====== RECORDS SUPPLIED ======

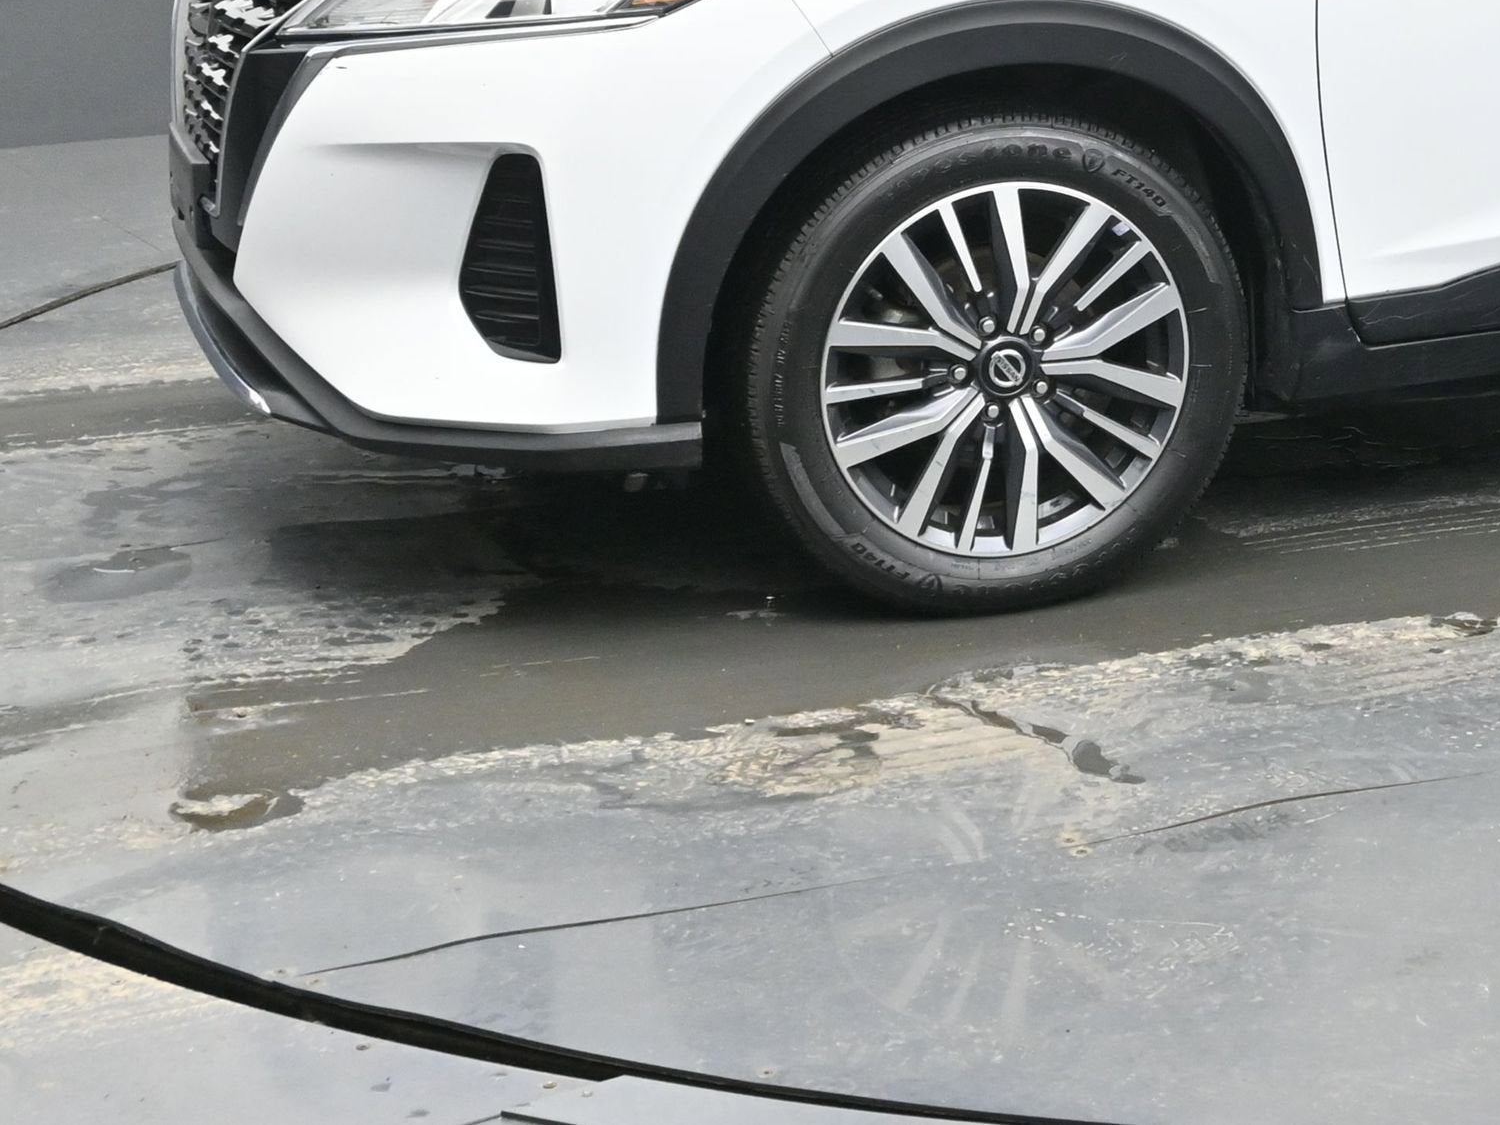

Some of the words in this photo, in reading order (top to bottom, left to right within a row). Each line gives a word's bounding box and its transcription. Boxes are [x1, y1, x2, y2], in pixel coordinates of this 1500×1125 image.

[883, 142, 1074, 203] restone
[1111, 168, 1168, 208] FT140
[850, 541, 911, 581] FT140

======
====== RECORDS SUPPLIED ======

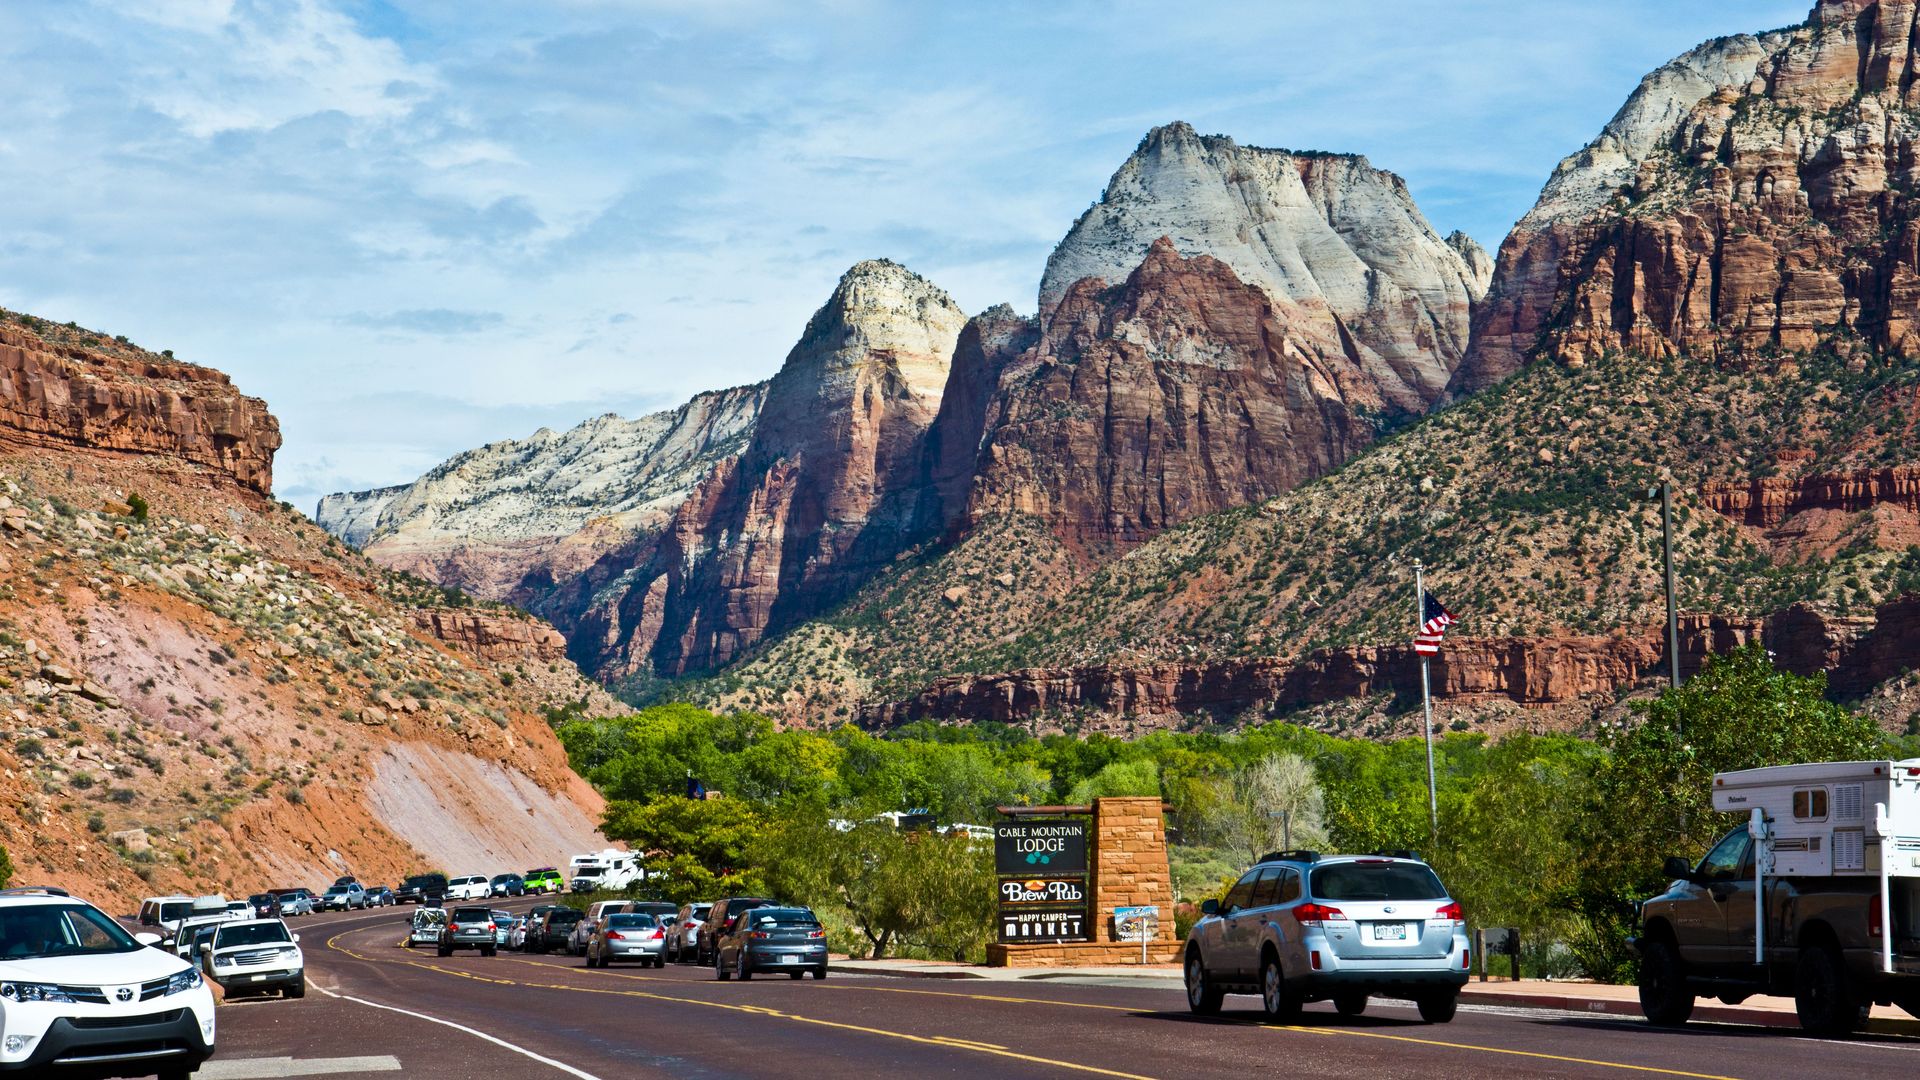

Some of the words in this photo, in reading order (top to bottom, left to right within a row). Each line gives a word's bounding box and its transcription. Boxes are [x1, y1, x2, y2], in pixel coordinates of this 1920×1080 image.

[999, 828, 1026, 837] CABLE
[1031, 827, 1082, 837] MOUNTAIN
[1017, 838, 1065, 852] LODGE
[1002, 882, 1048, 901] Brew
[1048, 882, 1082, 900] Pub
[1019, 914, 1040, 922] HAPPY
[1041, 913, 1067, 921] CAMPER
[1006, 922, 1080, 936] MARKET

======
====== RECORDS SUPPLIED ======

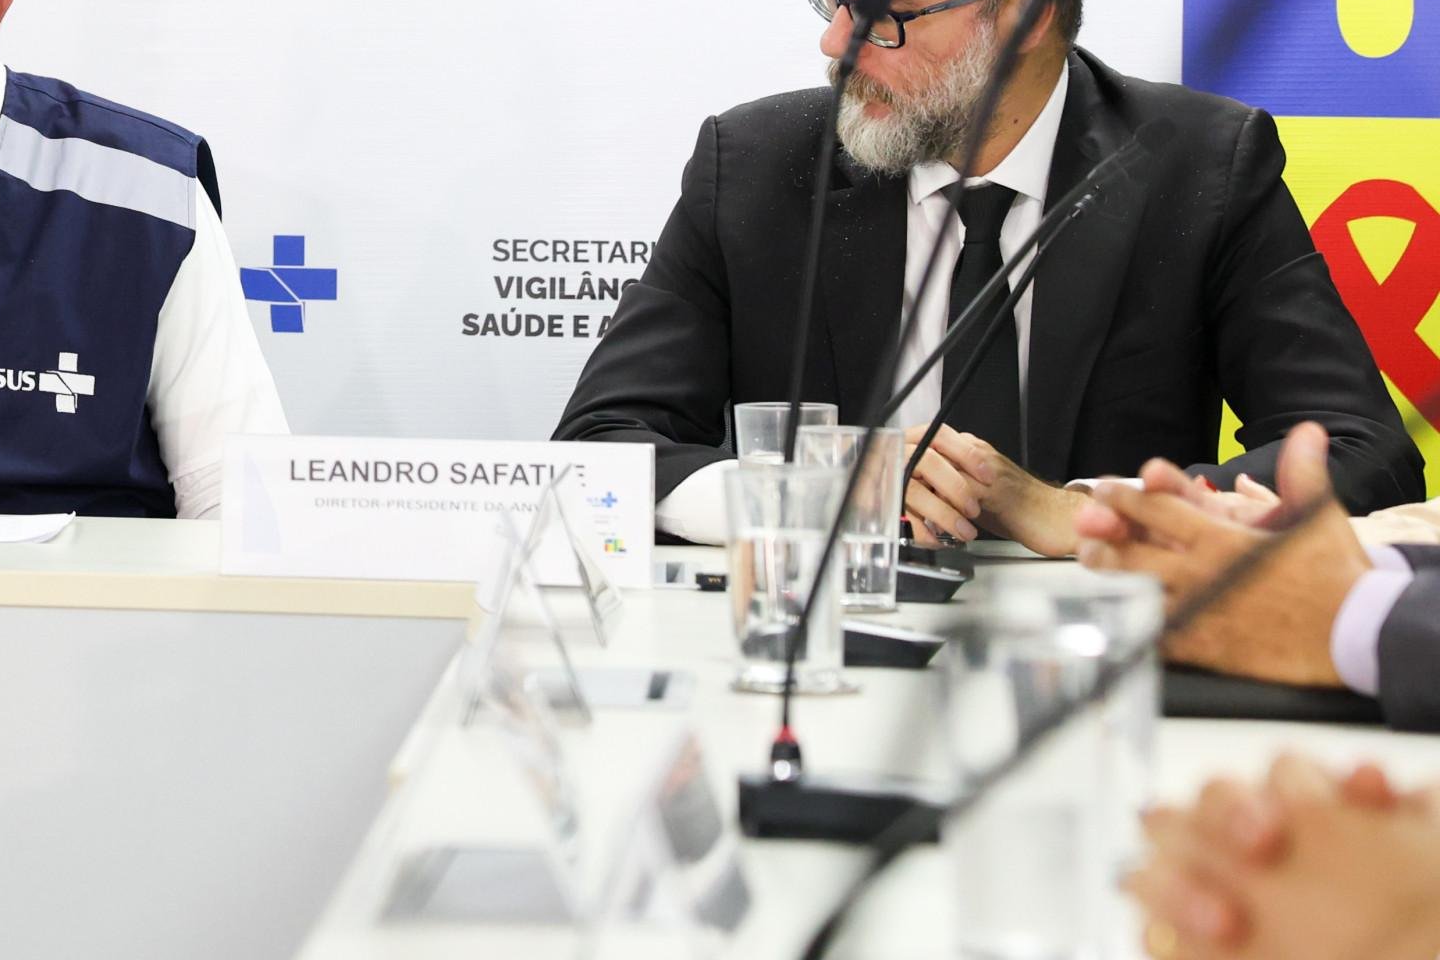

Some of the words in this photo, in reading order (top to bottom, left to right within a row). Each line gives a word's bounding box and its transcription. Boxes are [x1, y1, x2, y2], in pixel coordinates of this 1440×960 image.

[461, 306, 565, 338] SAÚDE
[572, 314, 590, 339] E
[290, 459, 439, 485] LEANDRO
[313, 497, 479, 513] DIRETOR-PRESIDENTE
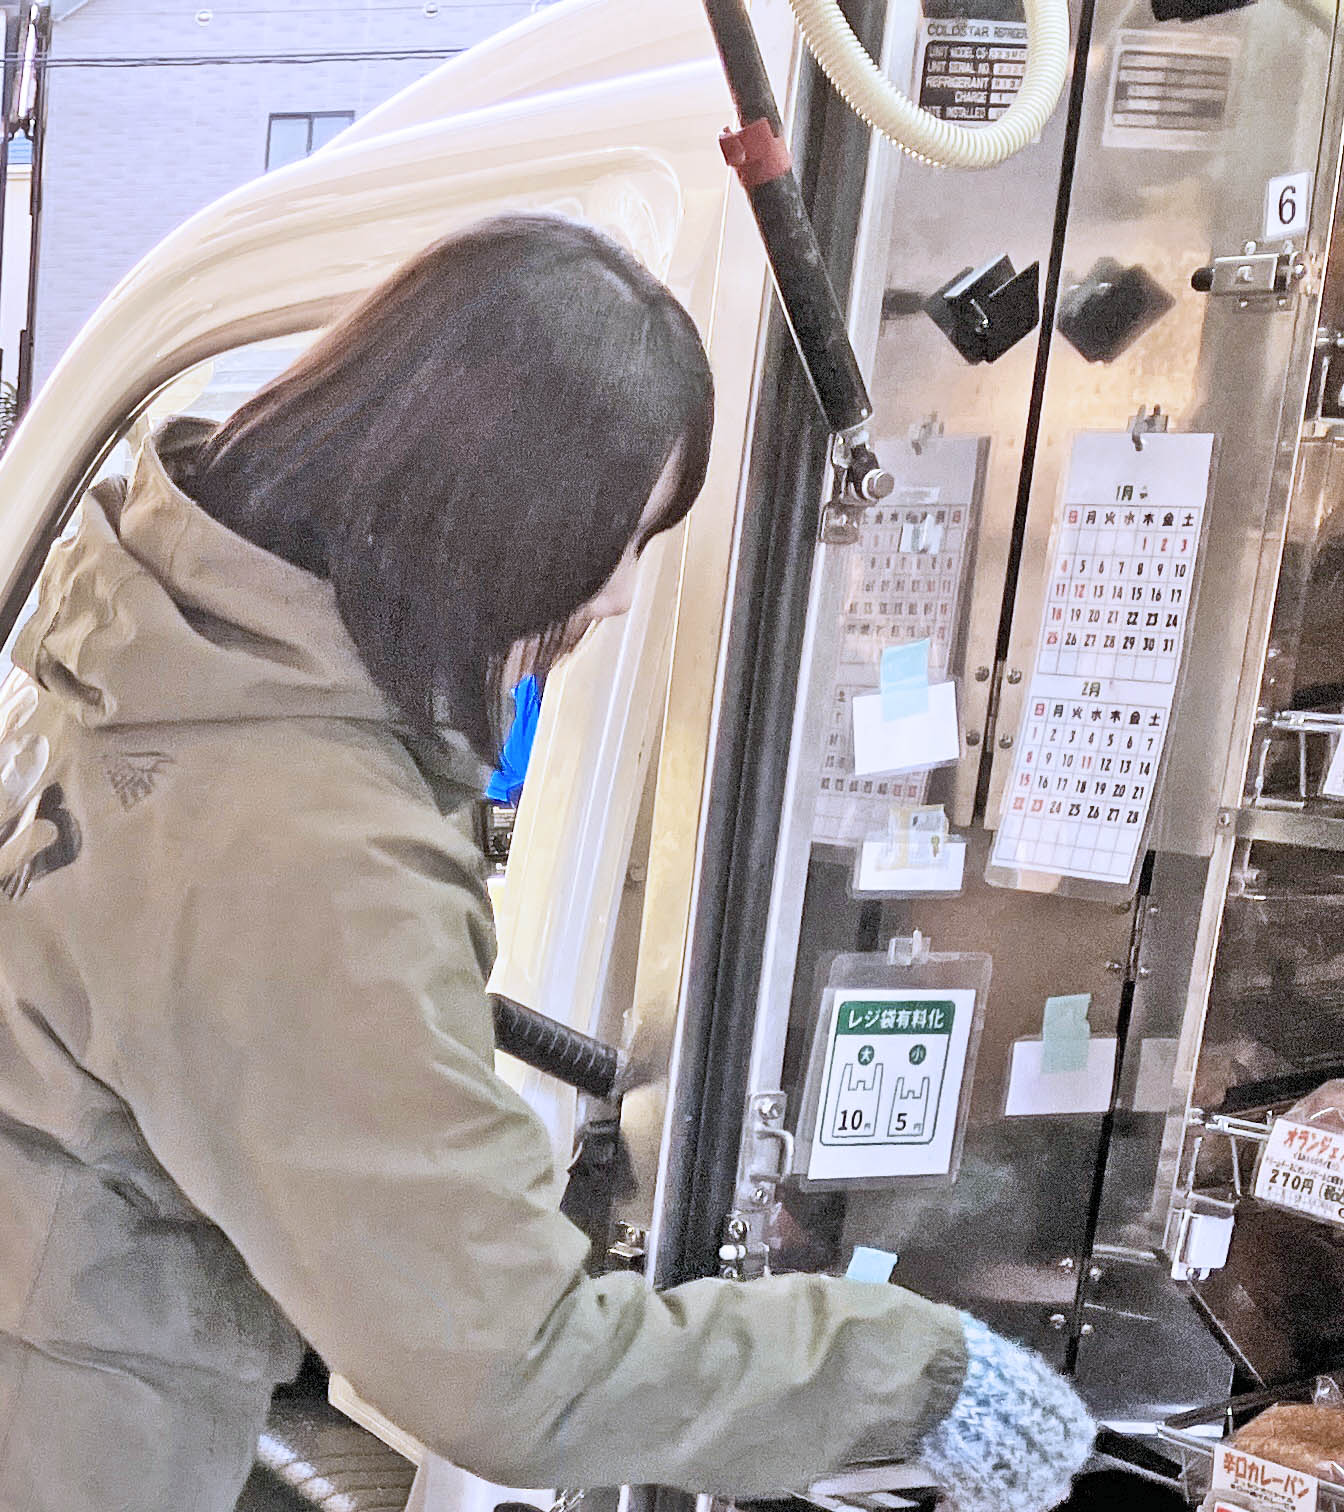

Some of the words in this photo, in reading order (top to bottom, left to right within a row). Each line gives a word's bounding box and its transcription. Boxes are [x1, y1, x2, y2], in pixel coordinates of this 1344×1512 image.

======

EXERCISE: Set the pictures aside and retype exactly the lines above from the line with "this 1440×960 image." to the line with "this 1344×1512 image.", both included, adding no others.

YOUR SOLUTION:
Some of the words in this photo, in reading order (top to bottom, left to right within a row). Each line gives a word's bounding box and its transcription. Boxes are [x1, y1, x2, y2], in pixel coordinates of this 1440×960 image.

[461, 306, 565, 338] SAÚDE
[572, 314, 590, 339] E
[290, 459, 439, 485] LEANDRO
[313, 497, 479, 513] DIRETOR-PRESIDENTE

Some of the words in this photo, in reading order (top to bottom, left to right within a row). Each line gives a word's bounding box and its transcription. Boxes are [x1, y1, x2, y2], in pixel coordinates of this 1344×1512 image.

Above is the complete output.